▶ [What to produce]: Please print the listing that follows word for word, but skip any pictures it holds.

▶ [Source material]:
<<<<
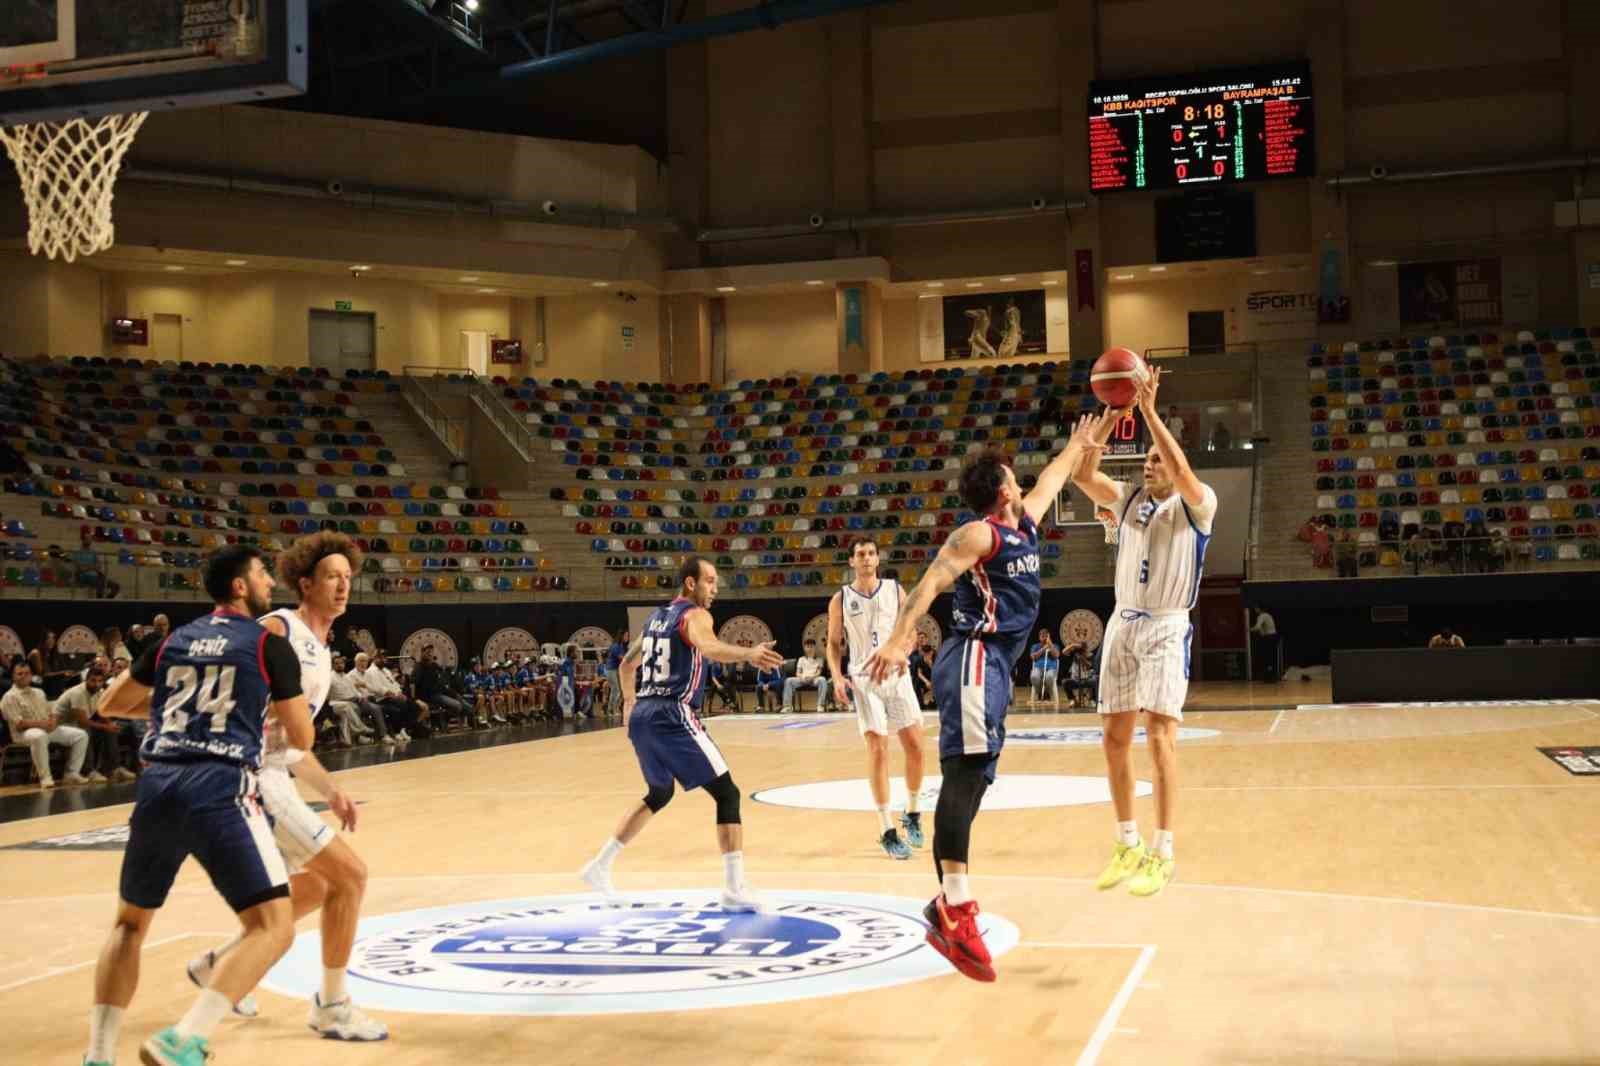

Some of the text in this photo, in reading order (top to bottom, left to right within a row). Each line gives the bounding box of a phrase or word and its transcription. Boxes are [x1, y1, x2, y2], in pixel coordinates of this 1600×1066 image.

[1173, 129, 1183, 143] 0
[1175, 164, 1187, 180] 0
[1213, 160, 1225, 176] 0
[187, 634, 230, 657] DENİZ
[871, 631, 879, 648] 3
[641, 636, 671, 682] 23
[160, 664, 237, 734] 24
>>>>
▶ [Exercise result]:
Some of the text in this photo, in reading order (top to bottom, left to right within a row). Each line gives the bounding box of a phrase or word and its transcription. Boxes are [x1, y1, x2, y2], in pixel coordinates of this 1600×1066 image.

[1173, 129, 1183, 143] 0
[1175, 164, 1187, 180] 0
[1213, 160, 1225, 176] 0
[187, 634, 230, 657] DENİZ
[871, 631, 879, 648] 3
[641, 636, 671, 682] 23
[160, 664, 237, 734] 24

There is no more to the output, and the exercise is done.